The add operation creates a new node at one level up containing the union of the keys in the blocks being added, and pointers to the nodes in the level below containing entries for those keys. E.g. $N_1 + N_2 = {K_1 \mapsto {P_{N_1}}, K_2 \mapsto {P_{N_1}, P_{N_2}}}$. Helios also uses a size-based add policy, in which nodes are added (at higher and higher levels) until the size of the resulting node reaches a configurable threshold.

Note that the resulting structure may contain orphan nodes (shown in grey in the figure above) that do not have any parent in the layer above. This has implications for query processing that we’ll look at shortly.

Index compaction, which also takes place bottom-up, is triggered when a configurable number of data blocks have been processed.

Federated indexing

Our initial approach towards data and index management focused towards bringing in data from all the sources into an ingestion cluster and performing the required post-processing operations (e.g. parsing, indexing, etc.). However, this approach incurs significant costs… The hierarchical/recursive indexing model gives the freedom of distributing our computation acress the agents and ingestion back-end servers, sharing the same intuition as the current trend of edge computation.

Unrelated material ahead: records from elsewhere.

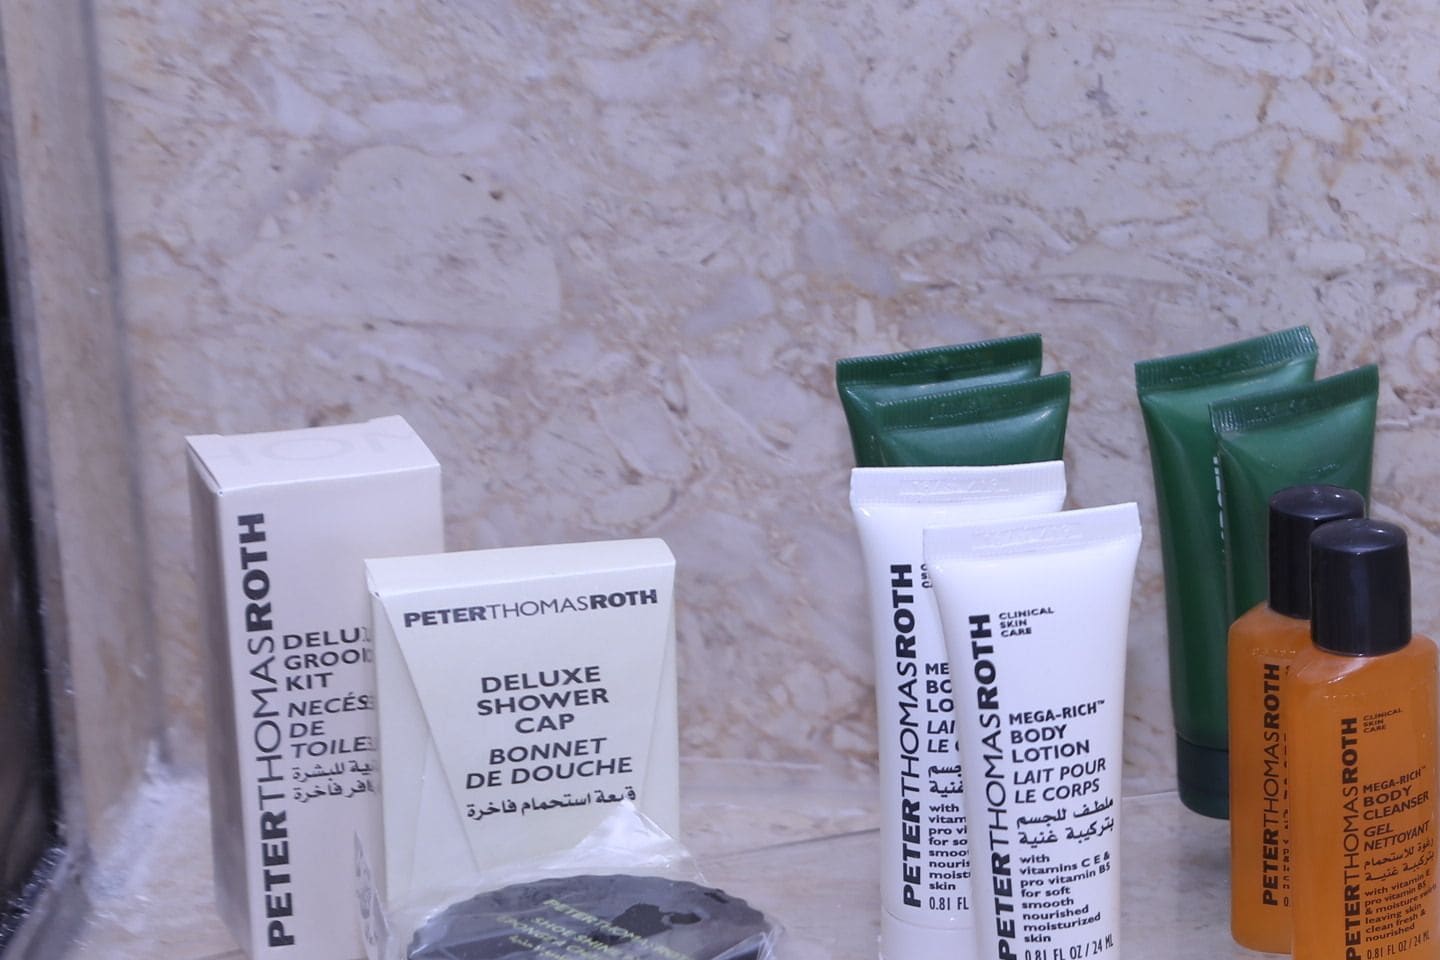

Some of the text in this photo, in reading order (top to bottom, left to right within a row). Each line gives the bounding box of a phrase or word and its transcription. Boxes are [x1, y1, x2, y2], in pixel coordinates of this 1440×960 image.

[403, 589, 659, 627] PETERTHOMASROTH
[998, 607, 1055, 620] CLINICAL
[999, 619, 1027, 629] SKIN
[1000, 627, 1032, 637] CARE
[282, 626, 368, 650] DELU
[285, 672, 333, 691] KIT
[480, 665, 601, 694] DELUXE
[476, 687, 610, 716] SHOWER
[514, 713, 575, 734] CAP
[1362, 708, 1404, 720] CLINICAL
[1363, 719, 1384, 727] SKIN
[237, 513, 295, 947] PETERTHOMASROTH
[289, 720, 325, 738] DE
[889, 563, 921, 908] PETERTHOMASROTH
[1010, 723, 1067, 744] BODY
[1363, 725, 1386, 733] CARE
[489, 737, 608, 765] BONNET
[927, 738, 949, 753] LE
[1011, 739, 1090, 763] LOTION
[465, 756, 634, 789] DE DOUCHE
[1013, 757, 1107, 785] LAIT POUR
[1014, 778, 1101, 804] LE CORPS
[1263, 663, 1280, 906] PETERTHOMASROTH
[521, 792, 591, 816] استحمام
[1363, 785, 1412, 807] BODY
[1363, 790, 1430, 821] CLEANSER
[466, 798, 517, 821] فاخرة
[928, 803, 959, 812] with
[1016, 807, 1067, 829] للجسم
[929, 827, 952, 837] pro
[1018, 830, 1058, 848] غنية
[1363, 823, 1393, 837] GEL
[1363, 820, 1430, 852] NETTOYANT
[928, 836, 949, 846] for
[929, 849, 969, 857] smoo
[1019, 853, 1050, 864] with
[1019, 851, 1110, 875] vitamins C E &
[1020, 861, 1111, 888] pro vitamin B5
[1365, 886, 1388, 897] with
[1391, 873, 1424, 891] vitamin
[929, 881, 956, 890] skin
[1021, 886, 1071, 898] for soft
[929, 896, 969, 911] 0.81 FL
[1022, 897, 1074, 909] smooth
[1365, 898, 1382, 908] pro
[1384, 887, 1416, 902] vitamin
[1365, 895, 1418, 915] & moisture
[1022, 904, 1089, 920] nourished
[1023, 912, 1101, 931] moisturized
[1365, 911, 1402, 925] leaving
[1366, 923, 1393, 934] clean
[1396, 913, 1418, 926] fresh
[1366, 922, 1415, 942] nourished
[1024, 933, 1051, 943] skin
[1069, 945, 1083, 960] OZ
[1092, 938, 1102, 955] 24
[1105, 933, 1114, 949] ML
[1367, 947, 1383, 960] 0.81
[1387, 944, 1396, 956] FL
[1398, 940, 1407, 952] OZ
[1414, 933, 1421, 947] 24

Pre-processing on agents reduces the size of the ingestion cluster required, at the cost of consuming processing power on the source machine. In Helios production deployments, the agent typically consumes 15%-65% of a single CPU core, and stays under an allocated memory budget of 1.6GB. The generated agent and ingestion code utilises a shared library called Quark which provides a selection of parsers, extractors, indexers, partitioners, serializers and compressors as well as query-processing operators with predicate push-down.

Querying

Helios indexes are represented and exposed as data in easily accessible formats, available for any query engine. This allows us to democratise index usage outside of Helios, e.g. query engines can perform their own cost-based index access path selection, and index reads can independently scale without being constrained by compute resources provided by Helios. In fact, we were able to integrate Apache Spark with no changes to its optimizer/compiler.

Due to the existence of orphan nodes, querying can’t proceed in a pure top-down manner. So Helios provides a hybrid index scan operator. Querying starts by moving down the tree from the root nodes (which are orphan nodes by definition), and then recursively repeating this process for each of the orphan nodes at the next level down moving right.

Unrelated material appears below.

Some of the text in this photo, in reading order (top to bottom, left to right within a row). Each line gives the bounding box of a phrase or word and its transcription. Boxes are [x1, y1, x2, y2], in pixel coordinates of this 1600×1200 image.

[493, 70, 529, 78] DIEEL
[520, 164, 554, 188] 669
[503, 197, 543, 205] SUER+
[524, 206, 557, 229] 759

In Figure 6 above for example, we can search down the tree from $N_{21}$, but in doing so we miss any potential hits in the orphan node $N_{13}$ at the next level down. So after processing $N_{21}$ we start a new search from $N_{13}$. This in turn may miss hits in the orphan block $N_{08}$ so we then drop-down once more and move right…

Helios in production

Helios has multiple uses at Microsoft including supporting debugging and diagnostics, workload characterization, cluster health monitoring, deriving business insights, and performing impact analysis.

Helios clusters have been in production for the last five years, collecting close to a quadrillion log lines per day from hundreds of thousands of machines spread across tens of datacenters.